Let’s flip the quarter ten times:

We flip it ten times and get 7 heads (represented as 1) and 3 tails (represented as 0).

We want to know what parameter θ makes our data, the sequence above, most likely. To find the value of θ, the probability of flipping a heads, we can calculate the likelihood of observing this data given a particular value of θ. Put mathematically we express the likelihood of observing our data d given θ as: L(d|θ). We want to find the to value of θ which maximizes L(d|θ).

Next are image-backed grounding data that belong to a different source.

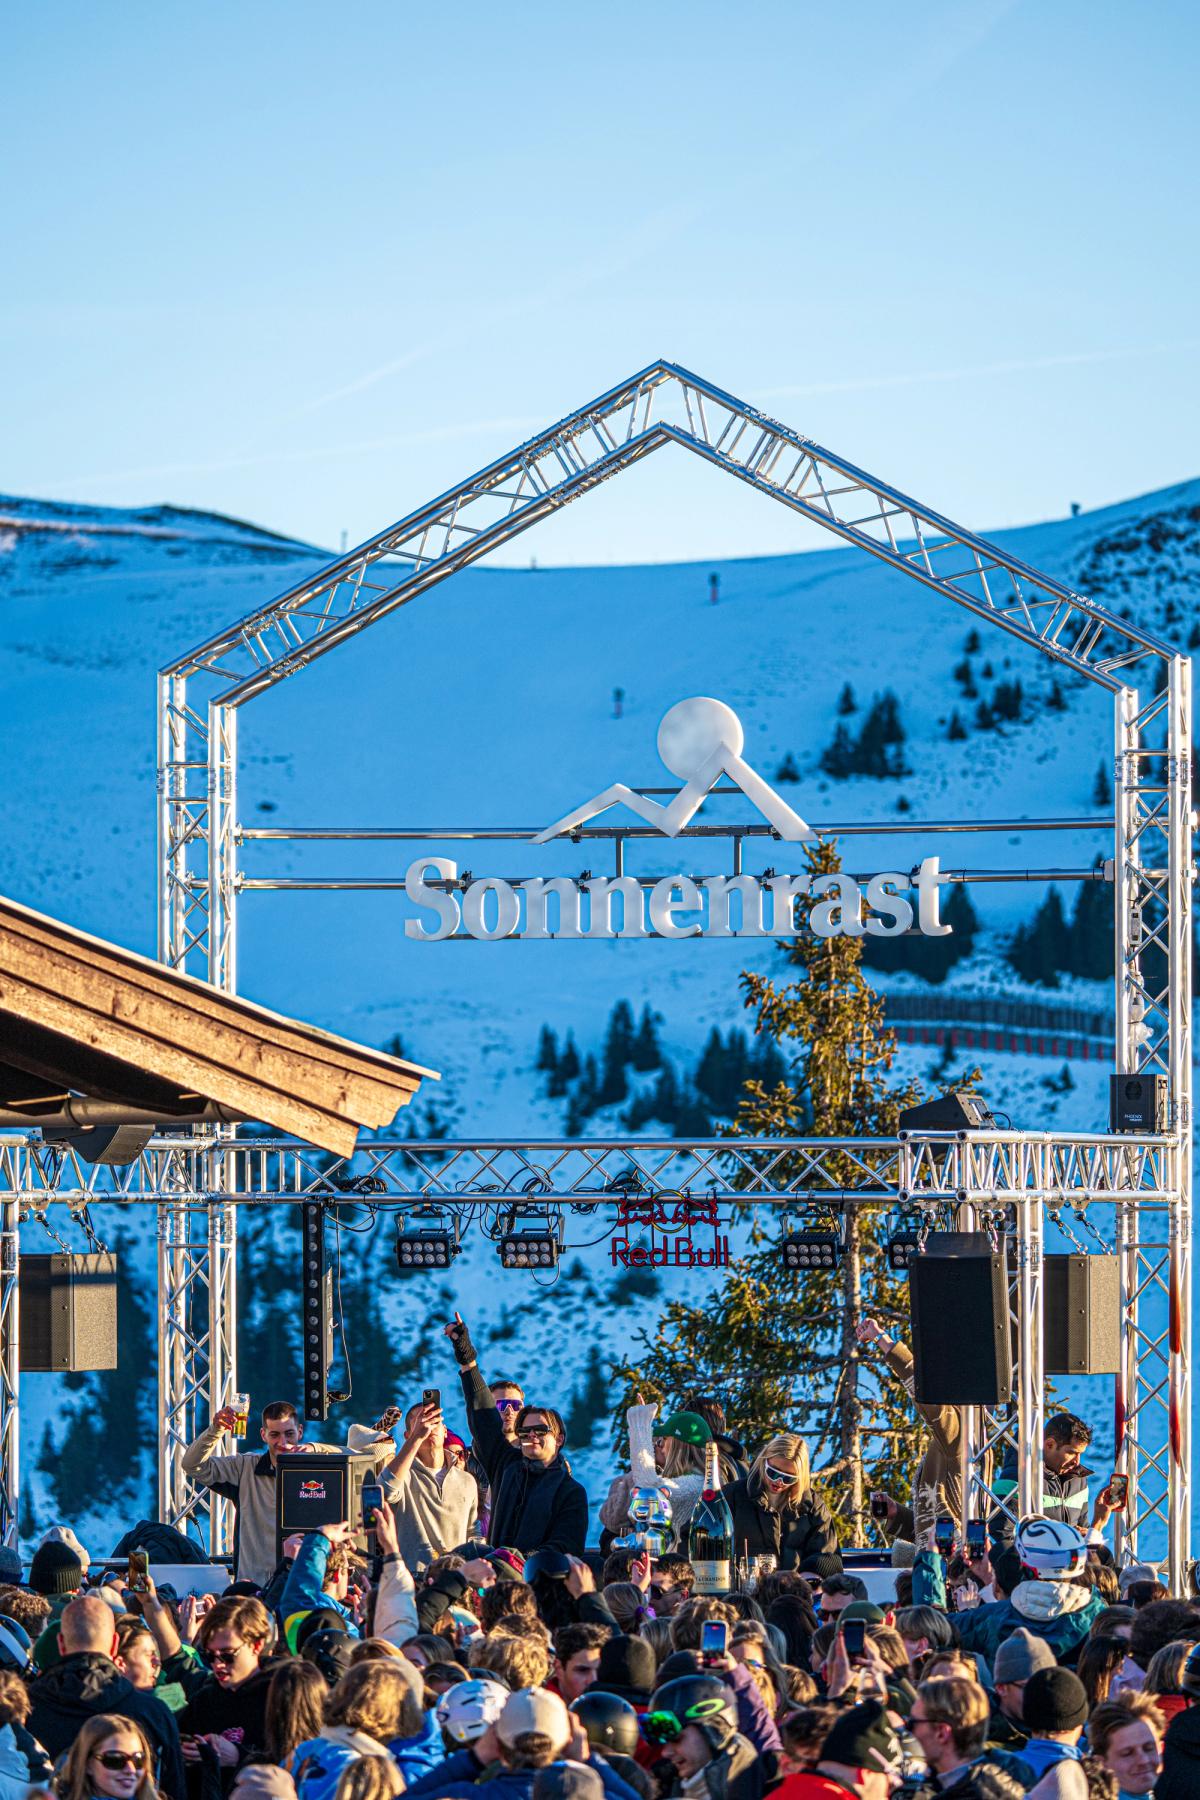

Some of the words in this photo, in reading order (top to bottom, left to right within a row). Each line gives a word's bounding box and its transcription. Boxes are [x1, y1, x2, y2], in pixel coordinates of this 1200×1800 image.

[404, 856, 954, 941] Sonnenrast
[611, 1235, 668, 1267] Red
[675, 1235, 729, 1267] Bull
[299, 1490, 312, 1499] Red
[312, 1490, 326, 1499] Bull
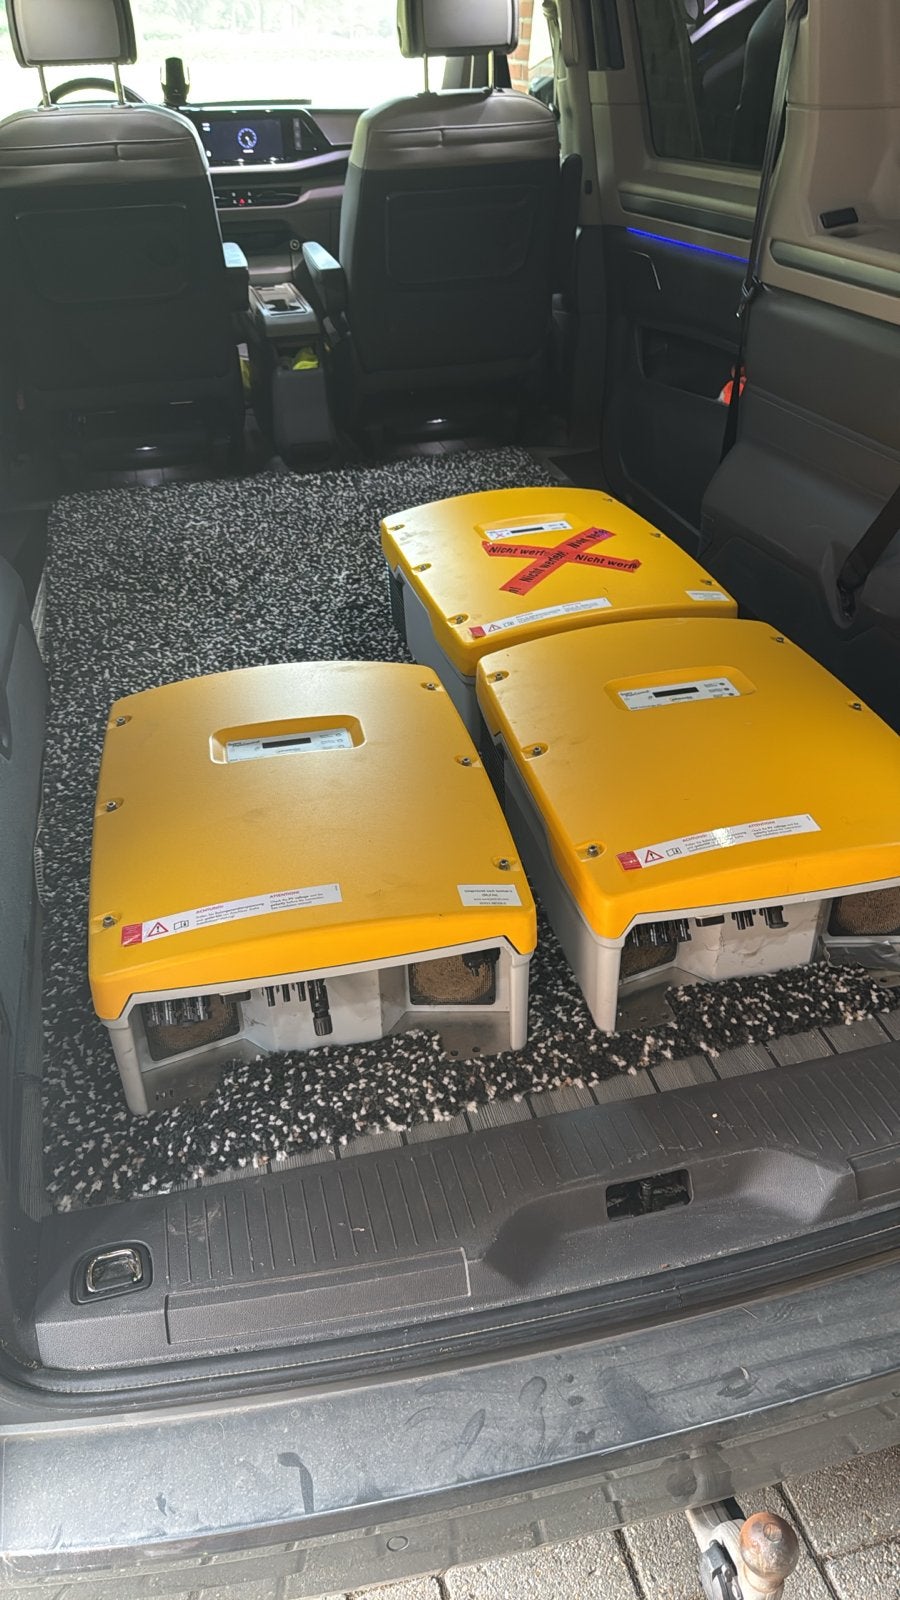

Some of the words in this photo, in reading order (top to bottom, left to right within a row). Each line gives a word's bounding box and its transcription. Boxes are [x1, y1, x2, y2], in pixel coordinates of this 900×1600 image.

[489, 546, 518, 554] Nicht
[520, 549, 549, 557] werf
[574, 554, 606, 565] Nicht
[519, 567, 545, 582] Nicht
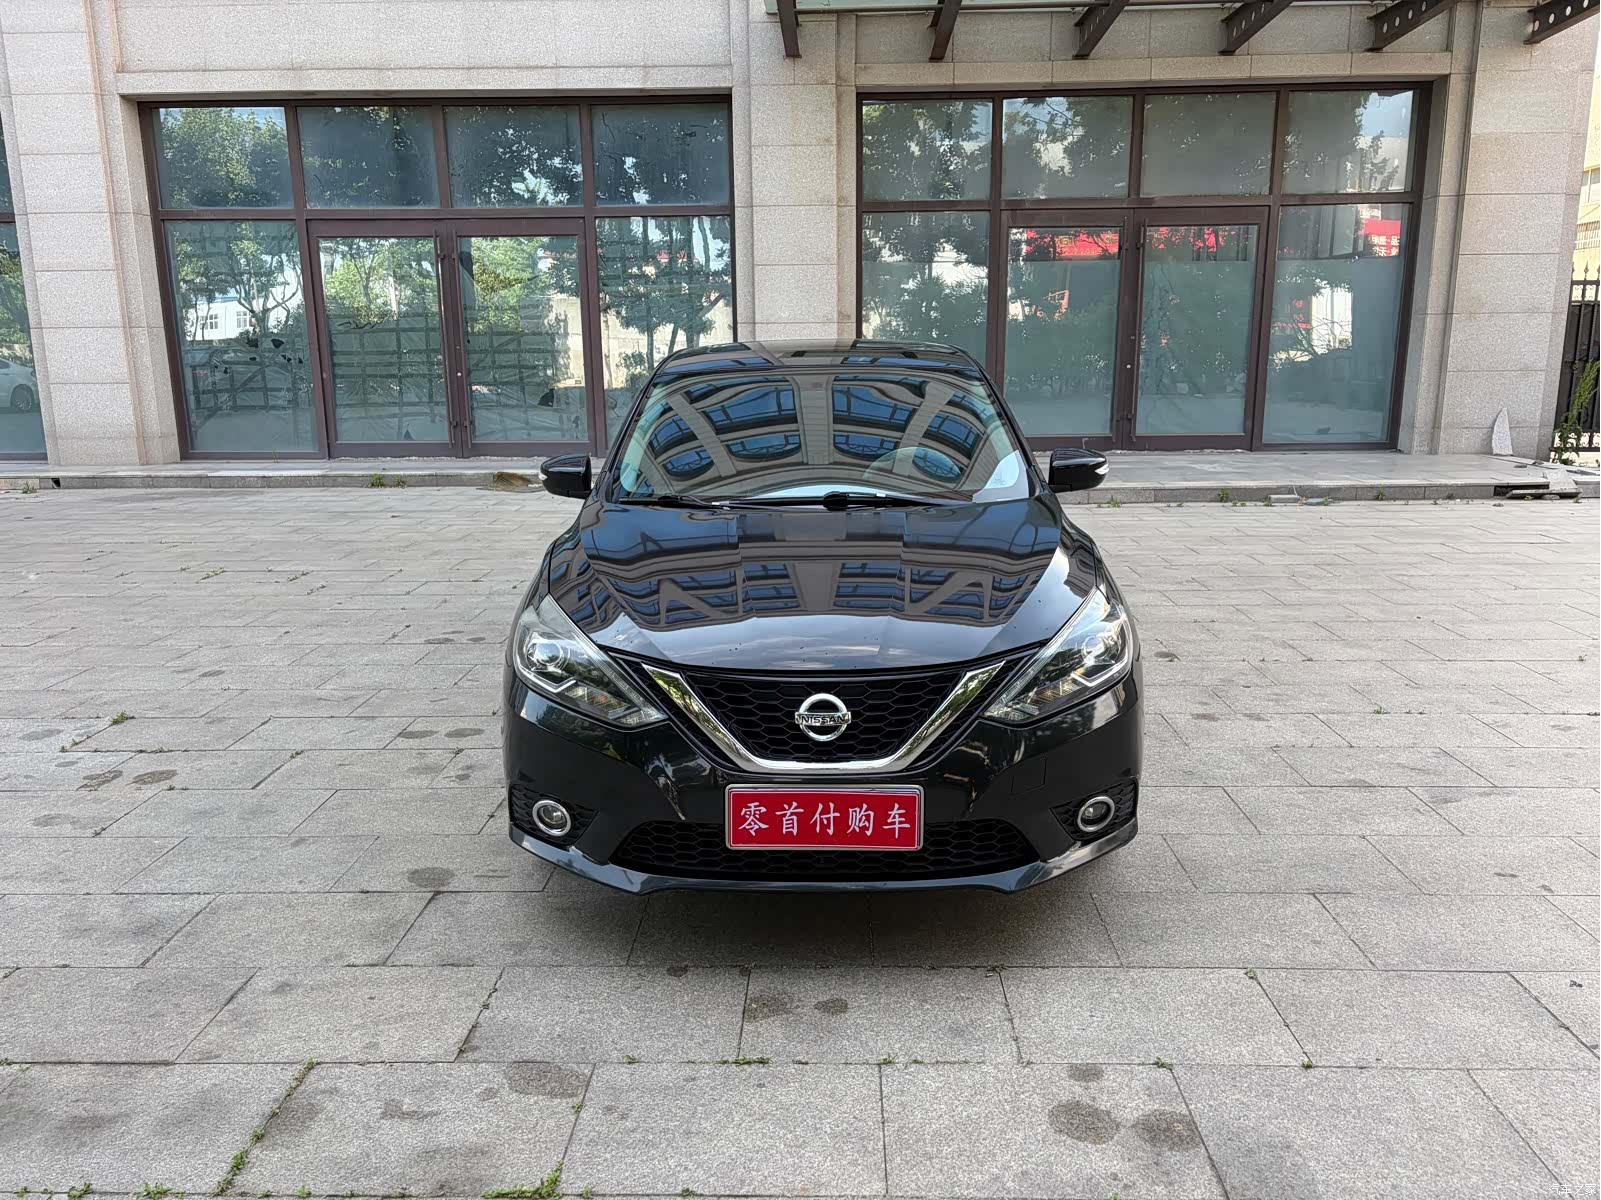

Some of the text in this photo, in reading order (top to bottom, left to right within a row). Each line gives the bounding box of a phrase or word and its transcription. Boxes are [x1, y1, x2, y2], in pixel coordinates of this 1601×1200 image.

[800, 714, 846, 725] NISSAN
[738, 801, 911, 839] 零首付购车

Intuitively, you might guess that since we have 7 heads and 3 tails our best guess for θ is 7/10=.7

Let’s write a function to check that intuition by calculating how likely it is we see a particular sequence of heads and tails for some possible values in the parameter space θ. Since each coin flip is independent, the probability of observing a particular sequence of coin flips is the product of the probability of observing each individual coin flip. In the function below we start with a likelihood of 1 and each time we encounter a heads we multiply our likelihood by the probability of landing a heads. Each time we encounter a tail we multiply by the 1 minus the probability of flipping a heads.

Now that we have a function to calculate the likelihood of observing a sequence of coin flips given a θ, the probability of heads, let’s graph the likelihood for a couple of different values of θ.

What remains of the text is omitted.